One family had come to Great Ormond Street Hospital from a village in northern England so that their tiny daughter could be treated by the country’s top specialists. This girl’s parents and brother stayed in free lodging near the hospital, at government expense. A dad in another family was given government-subsidized leave from his job so he could help take care of his son. Laila’s little friend from down the hall had enough of a remission from her neuroblastoma to return temporarily to school. The government assigned her an aide to accompany her and tutor her at home. All these families had the freedom to stay close to their sick children, to carry on with their lives in as normal a fashion as possible, and to not have their medical tragedies also become financial ones.

In the end, the only hospital bill we paid over that whole six-month period was Laila’s tab at Great Ormond Street’s Peter Pan cafe, where, on her good days, we wheeled her down so she could tuck into big plates of sausage and mashed potatoes.

Which means that British taxpayers paid for everything else, including Laila’s staggeringly expensive stem cell transplant. Yes, strangers helped us in our time of need, just like the 45-year-old Welsh man who anonymously donated his stem cells to Laila. This is how it works in a humane society. Someone gets a bad break, and the system is set up to cushion the blow. Anyone could be there someday…anyone could be there any day.

Within weeks of moving back to the United States after Laila died, I spotted a flyer in a grocery store for a spaghetti-dinner fundraiser to help defray the costs of cancer treatment for someone in the community. I saw this flyer in an appalling new light. Why should people have to scrape and beg to pay for their cancer care?

Now, having been back here more than a decade, it once again seems sadly normal for medical care to be a privilege and not a right. But as debate continues to rage over the future of health care in this country, I often think of our British experience.
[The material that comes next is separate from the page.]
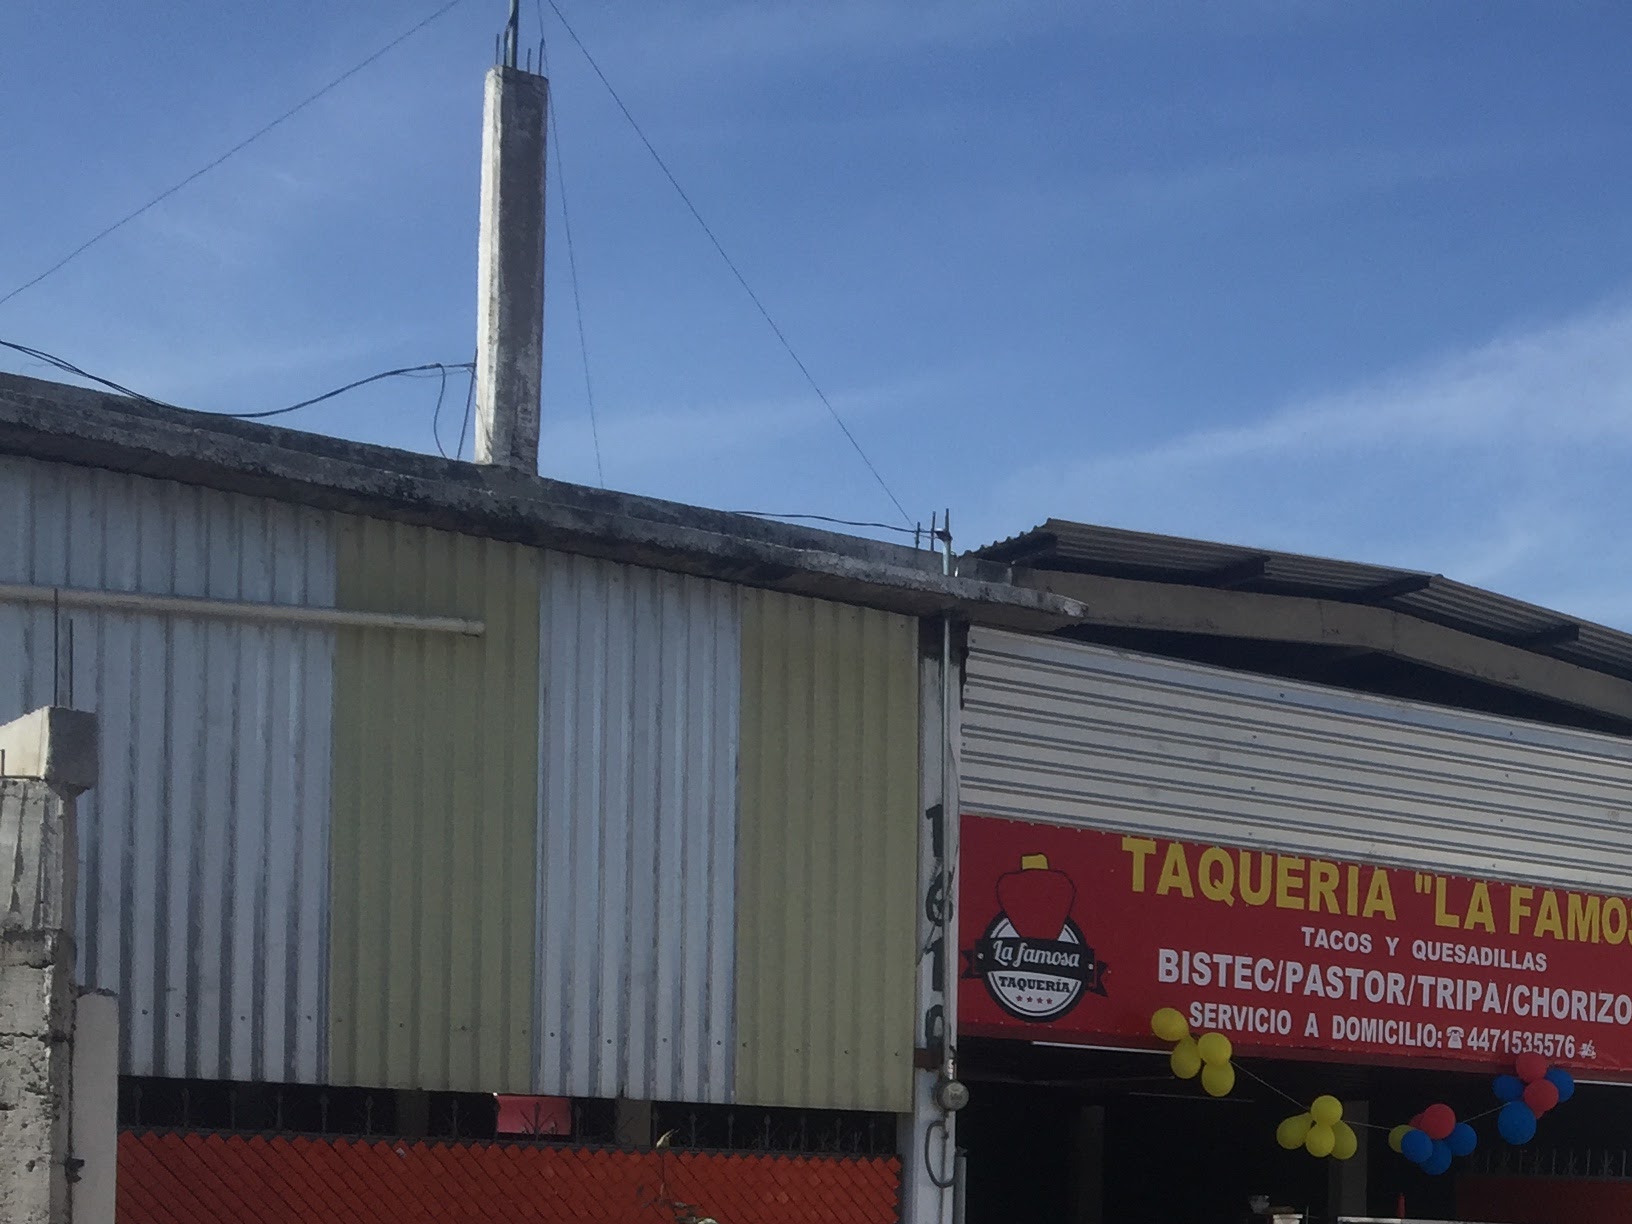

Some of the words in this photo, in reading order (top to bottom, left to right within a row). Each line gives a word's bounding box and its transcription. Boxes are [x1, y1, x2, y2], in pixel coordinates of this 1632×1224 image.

Thankfully, protections for families that were part of the Affordable Care Act have remained in place, for now. Insurance companies cannot charge pediatric cancer survivors higher premiums because they are at lifelong risk for secondary health problems. More families on Medicaid means that fewer families will experience the terrifying situation of facing cancer uninsured or minimally insured.

But can’t we do even better? Shouldn’t every family affected by serious illness have the freedom to put payment concerns aside and focus only on their loved one, like we did with Laila?

Achieving universal access to high-quality medical care is not easy, and there may be multiple ways to do it. But however we do it, and however long it takes, we need to aim high. We may never be able to take away the suffering that cancer causes families, but we can at least put a cap on it.